═════ GIVEN RECORDS ═════

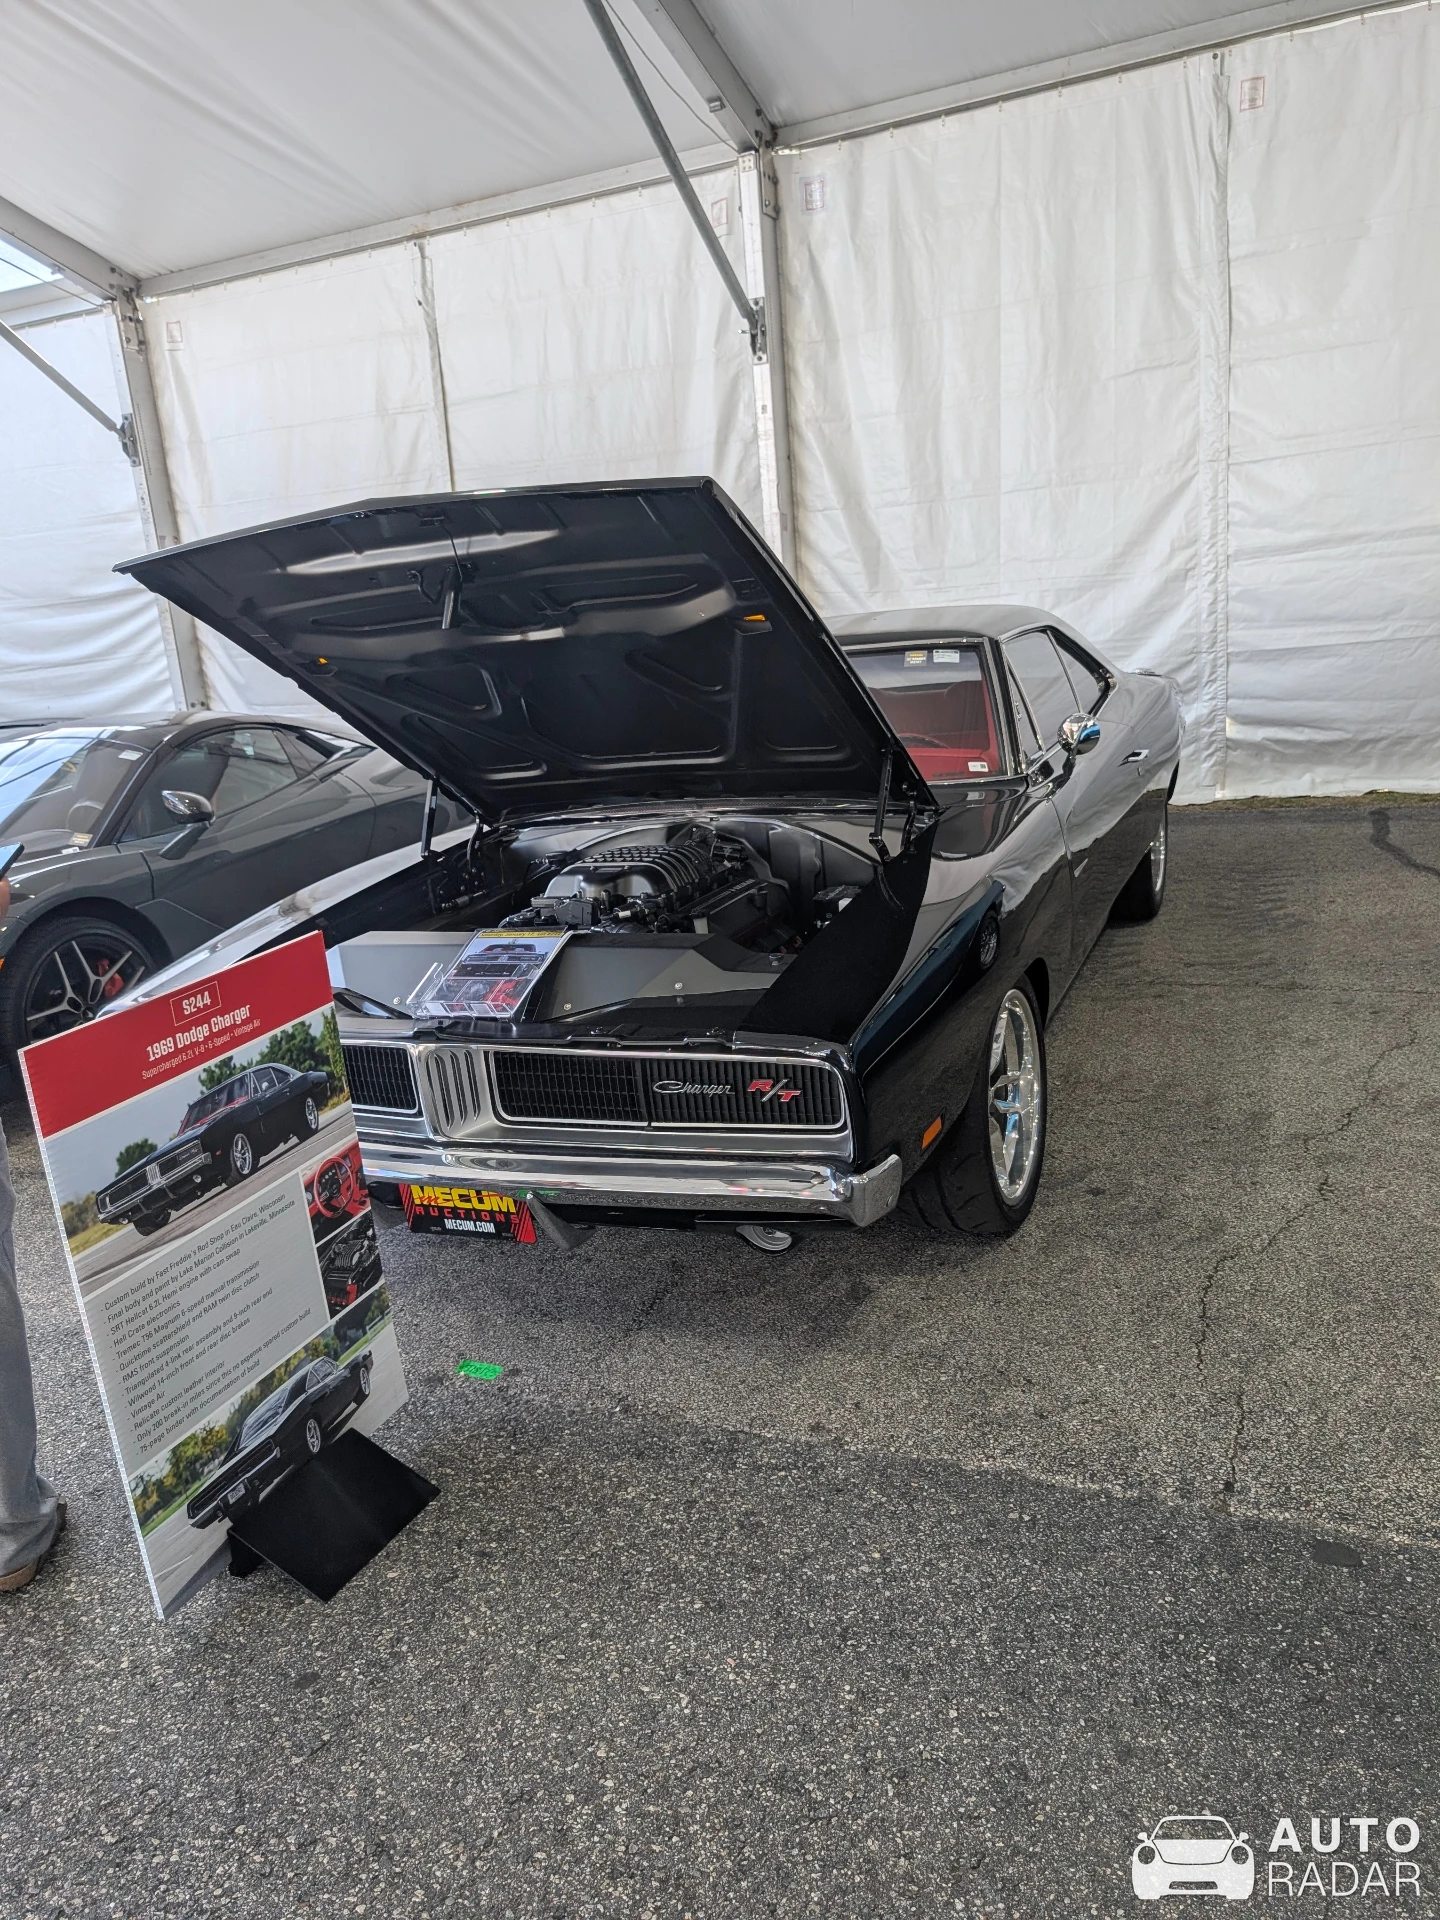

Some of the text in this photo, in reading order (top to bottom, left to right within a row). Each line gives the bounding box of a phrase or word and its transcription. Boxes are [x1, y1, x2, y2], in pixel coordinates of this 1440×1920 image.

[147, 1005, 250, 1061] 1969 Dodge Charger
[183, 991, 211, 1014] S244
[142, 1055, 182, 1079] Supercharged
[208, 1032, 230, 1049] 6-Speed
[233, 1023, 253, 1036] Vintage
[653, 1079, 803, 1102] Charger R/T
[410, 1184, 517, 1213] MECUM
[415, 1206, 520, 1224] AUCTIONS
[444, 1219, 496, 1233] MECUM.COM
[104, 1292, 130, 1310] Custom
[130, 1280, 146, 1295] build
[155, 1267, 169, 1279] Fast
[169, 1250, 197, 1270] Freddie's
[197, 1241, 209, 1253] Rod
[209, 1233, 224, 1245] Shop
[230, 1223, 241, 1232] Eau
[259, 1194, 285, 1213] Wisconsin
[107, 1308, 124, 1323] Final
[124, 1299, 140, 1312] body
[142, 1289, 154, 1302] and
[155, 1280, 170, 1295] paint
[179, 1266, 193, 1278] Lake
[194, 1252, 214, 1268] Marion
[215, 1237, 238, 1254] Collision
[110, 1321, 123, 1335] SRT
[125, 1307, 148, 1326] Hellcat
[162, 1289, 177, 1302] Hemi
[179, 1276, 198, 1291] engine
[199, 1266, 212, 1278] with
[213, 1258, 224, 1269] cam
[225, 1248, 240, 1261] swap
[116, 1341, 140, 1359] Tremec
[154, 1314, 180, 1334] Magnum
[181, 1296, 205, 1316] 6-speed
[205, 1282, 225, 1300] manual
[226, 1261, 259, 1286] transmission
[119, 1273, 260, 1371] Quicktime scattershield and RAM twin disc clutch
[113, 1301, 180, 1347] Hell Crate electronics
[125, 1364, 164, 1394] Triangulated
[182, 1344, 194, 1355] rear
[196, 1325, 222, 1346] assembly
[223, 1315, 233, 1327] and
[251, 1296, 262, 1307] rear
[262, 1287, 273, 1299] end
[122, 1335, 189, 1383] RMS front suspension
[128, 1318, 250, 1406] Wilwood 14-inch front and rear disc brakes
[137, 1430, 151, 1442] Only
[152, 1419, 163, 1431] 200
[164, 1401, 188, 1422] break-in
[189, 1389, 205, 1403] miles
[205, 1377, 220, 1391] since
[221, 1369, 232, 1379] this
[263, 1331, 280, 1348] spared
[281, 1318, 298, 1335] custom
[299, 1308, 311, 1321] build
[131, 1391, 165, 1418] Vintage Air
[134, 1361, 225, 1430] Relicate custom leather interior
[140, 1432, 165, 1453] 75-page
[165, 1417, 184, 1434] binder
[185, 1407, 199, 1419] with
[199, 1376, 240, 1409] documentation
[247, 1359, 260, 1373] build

═════

HOW TO COMPLETE THIS TASK —
In the entries above, copy each line that contains the string "Vintage".

EXPECTED ANSWER —
[233, 1023, 253, 1036] Vintage
[131, 1391, 165, 1418] Vintage Air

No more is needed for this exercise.